In your copy of the data, keep every word exact and include no pictures.

Annotated photo localization data:
+++
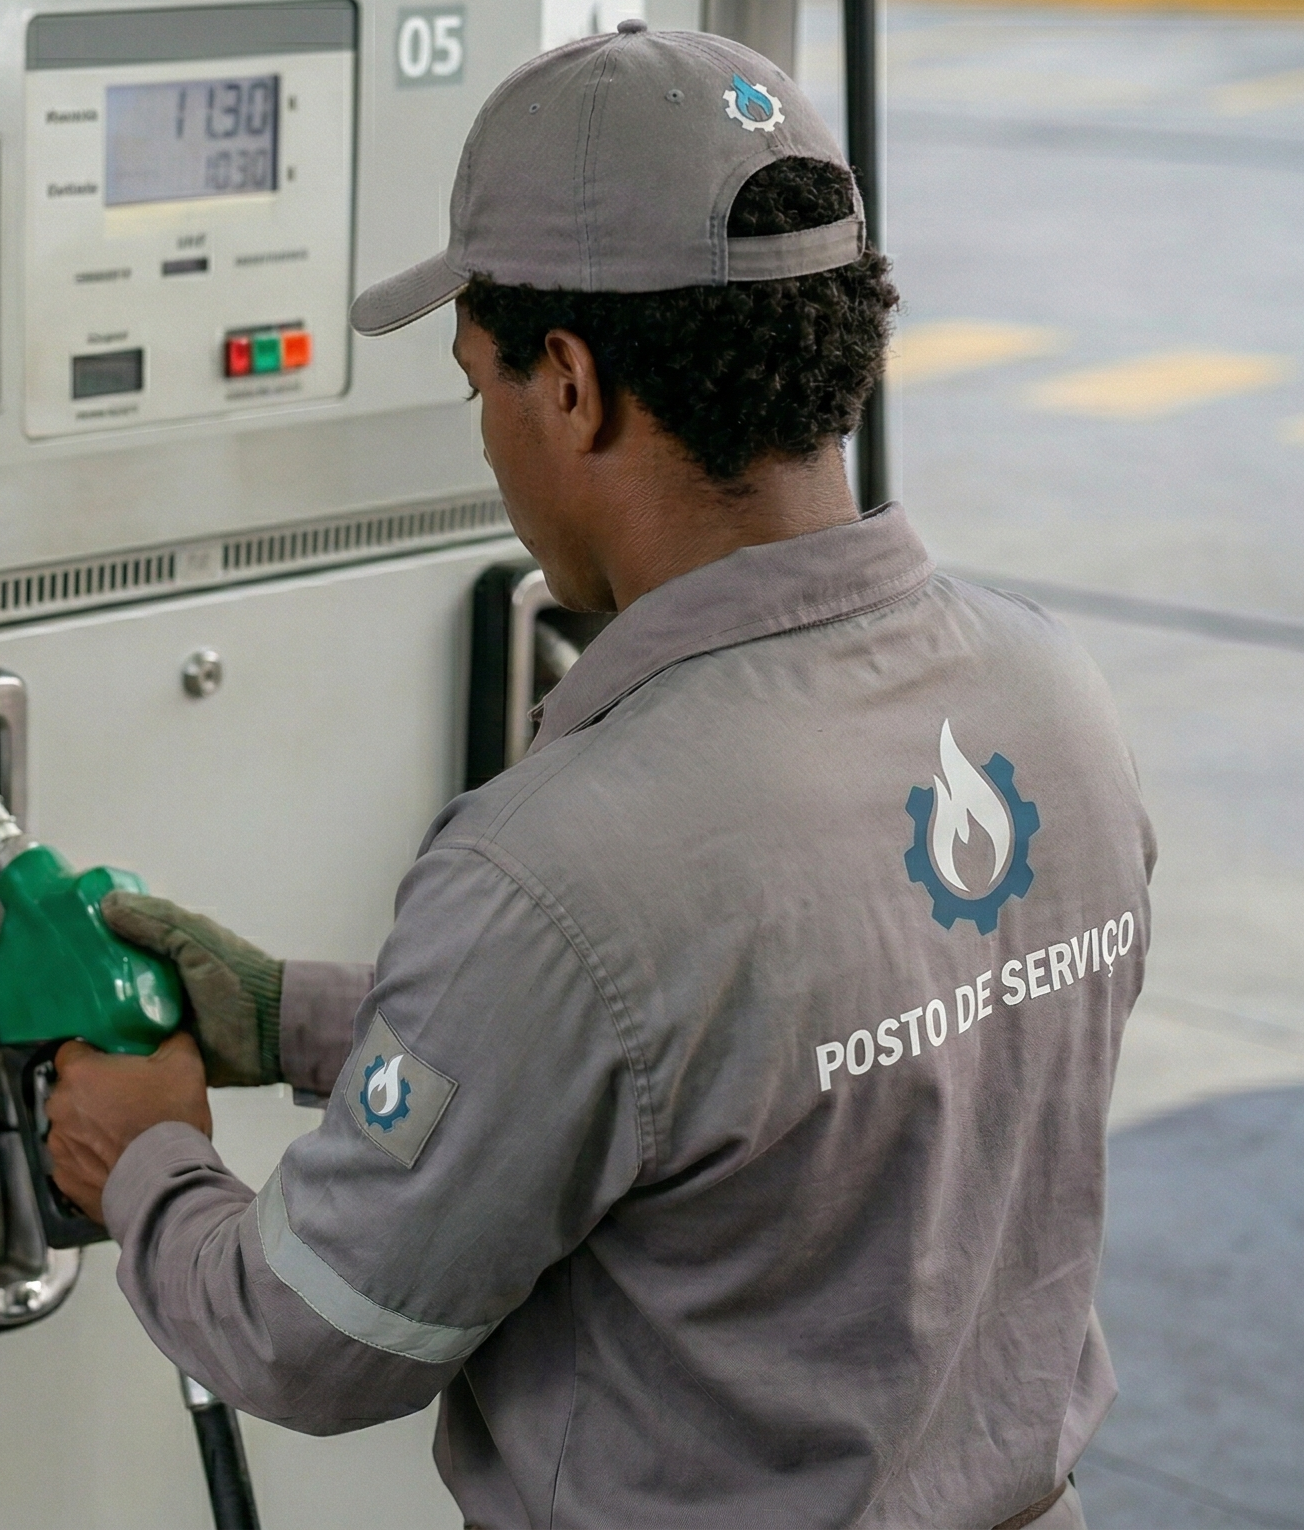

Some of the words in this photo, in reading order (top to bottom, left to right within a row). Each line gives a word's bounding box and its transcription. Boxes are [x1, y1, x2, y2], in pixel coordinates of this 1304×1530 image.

[398, 15, 464, 78] 05
[815, 998, 948, 1092] POSTO
[955, 969, 993, 1034] DE
[1000, 910, 1135, 1007] SERVIÇO
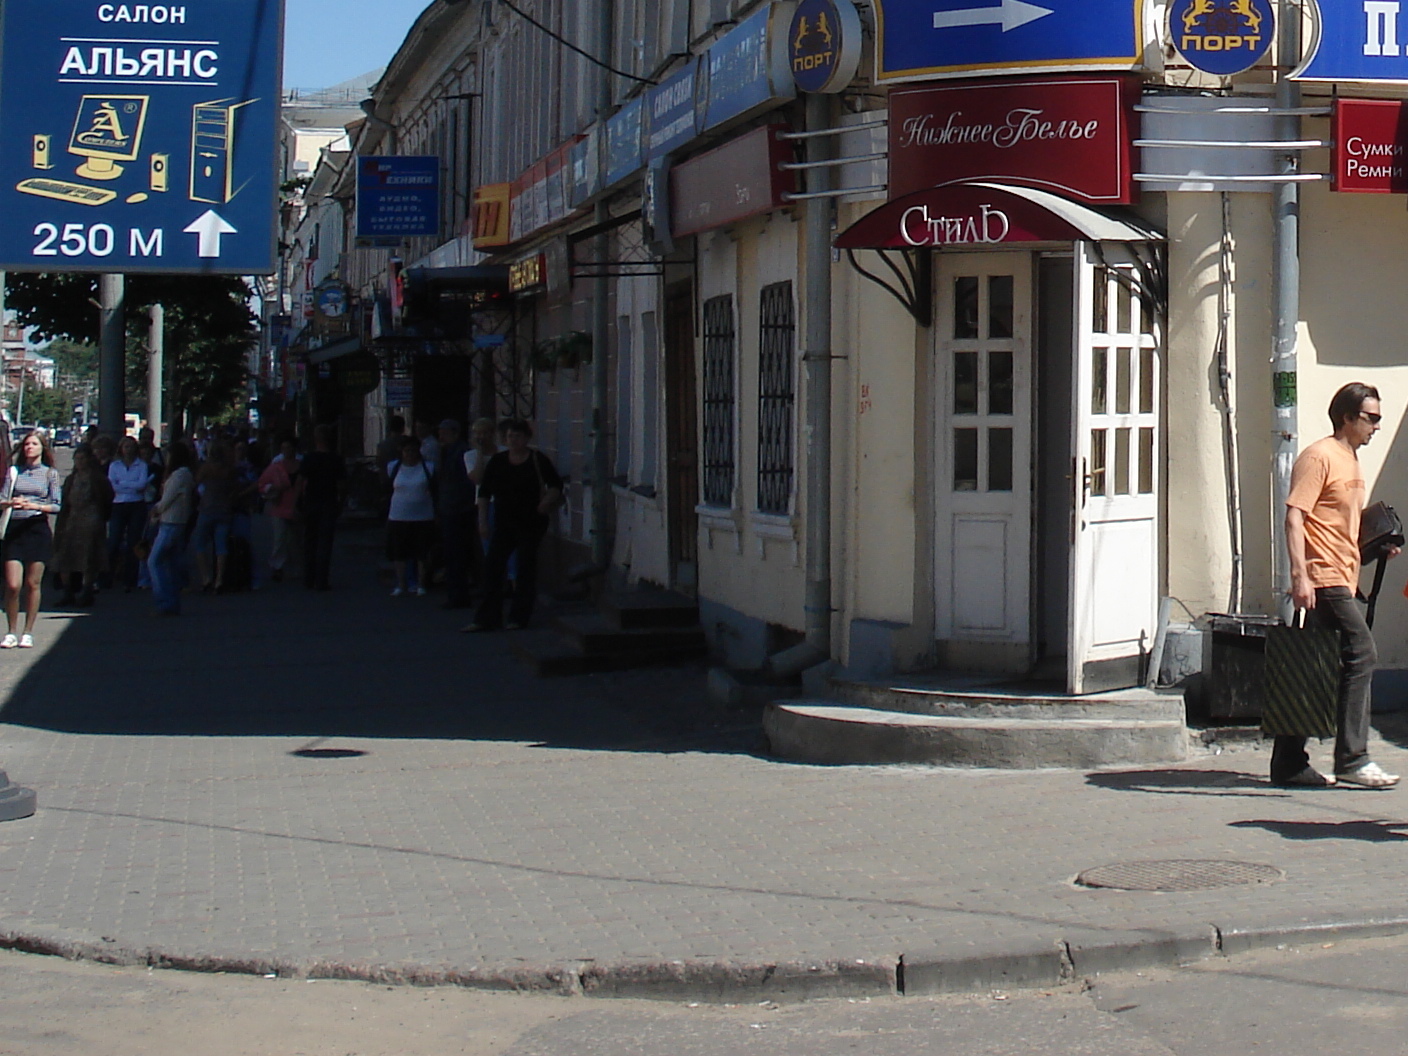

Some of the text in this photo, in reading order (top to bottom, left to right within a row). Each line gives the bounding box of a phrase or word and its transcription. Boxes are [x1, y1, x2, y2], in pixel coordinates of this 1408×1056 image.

[98, 4, 186, 24] САЛОН
[1182, 35, 1261, 51] ПОРТ
[59, 47, 219, 78] АЛЬЯНС
[793, 51, 832, 72] ПОРТ
[900, 108, 1098, 148] Нижнее Белье
[1346, 137, 1403, 160] Сумки
[1347, 159, 1402, 178] Ремни
[32, 223, 114, 257] 250
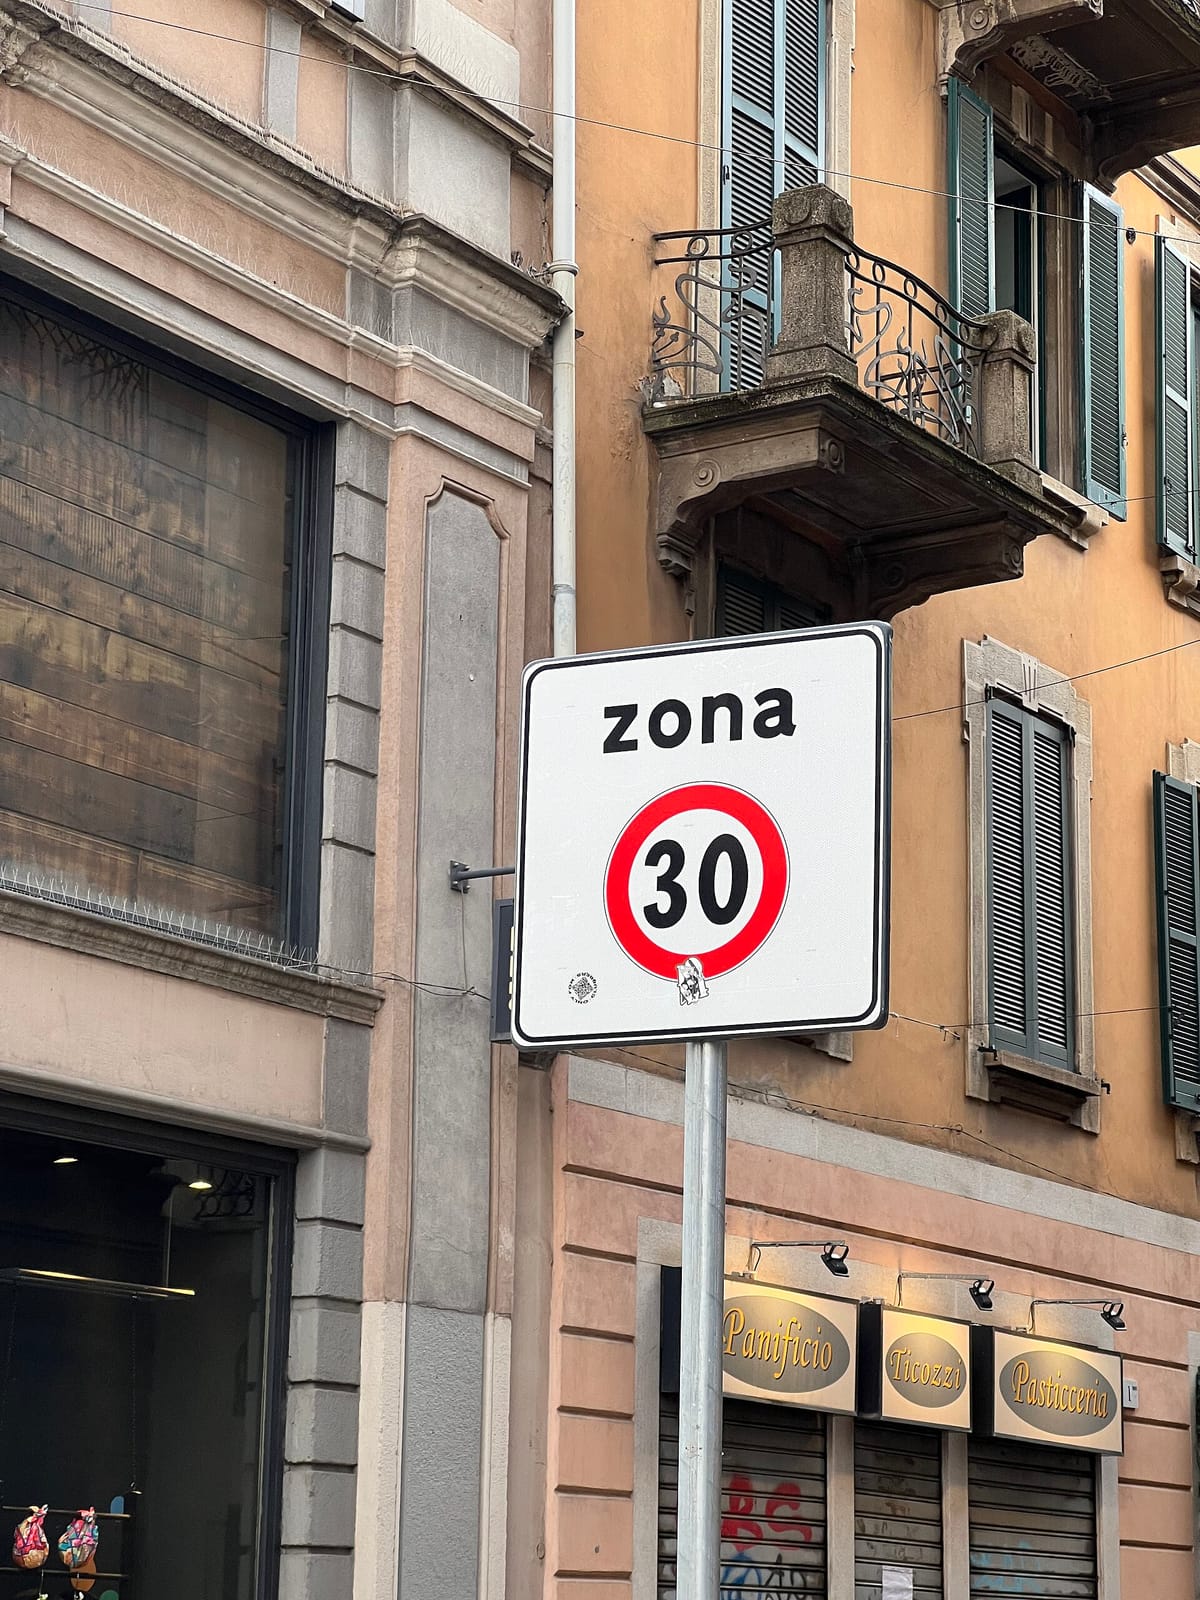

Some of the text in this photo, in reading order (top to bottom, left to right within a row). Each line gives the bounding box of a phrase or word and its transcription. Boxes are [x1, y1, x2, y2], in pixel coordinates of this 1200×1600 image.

[603, 687, 797, 754] zona
[643, 833, 749, 929] 30
[722, 1307, 833, 1380] Panificio
[890, 1346, 962, 1391] Ticozzi
[1011, 1360, 1109, 1419] Pasticceria
+++
• **Task solution**:
Some of the words in this photo, in reading order (top to bottom, left to right within a row). Each line gives a word's bounding box and its transcription. Boxes are [x1, y1, x2, y2], in pixel coordinates of this 1304×1530 image.

[398, 15, 464, 78] 05
[815, 998, 948, 1092] POSTO
[955, 969, 993, 1034] DE
[1000, 910, 1135, 1007] SERVIÇO

Some of the text in this photo, in reading order (top to bottom, left to right within a row). Each line gives the bounding box of a phrase or word and its transcription. Boxes are [x1, y1, x2, y2], in pixel coordinates of this 1408×1056 image.

[98, 4, 186, 24] САЛОН
[1182, 35, 1261, 51] ПОРТ
[59, 47, 219, 78] АЛЬЯНС
[793, 51, 832, 72] ПОРТ
[900, 108, 1098, 148] Нижнее Белье
[1346, 137, 1403, 160] Сумки
[1347, 159, 1402, 178] Ремни
[32, 223, 114, 257] 250

Some of the text in this photo, in reading order (top to bottom, left to right within a row). Each line gives the bounding box of a phrase or word and its transcription. Boxes are [x1, y1, x2, y2], in pixel coordinates of this 1200×1600 image.

[603, 687, 797, 754] zona
[643, 833, 749, 929] 30
[722, 1307, 833, 1380] Panificio
[890, 1346, 962, 1391] Ticozzi
[1011, 1360, 1109, 1419] Pasticceria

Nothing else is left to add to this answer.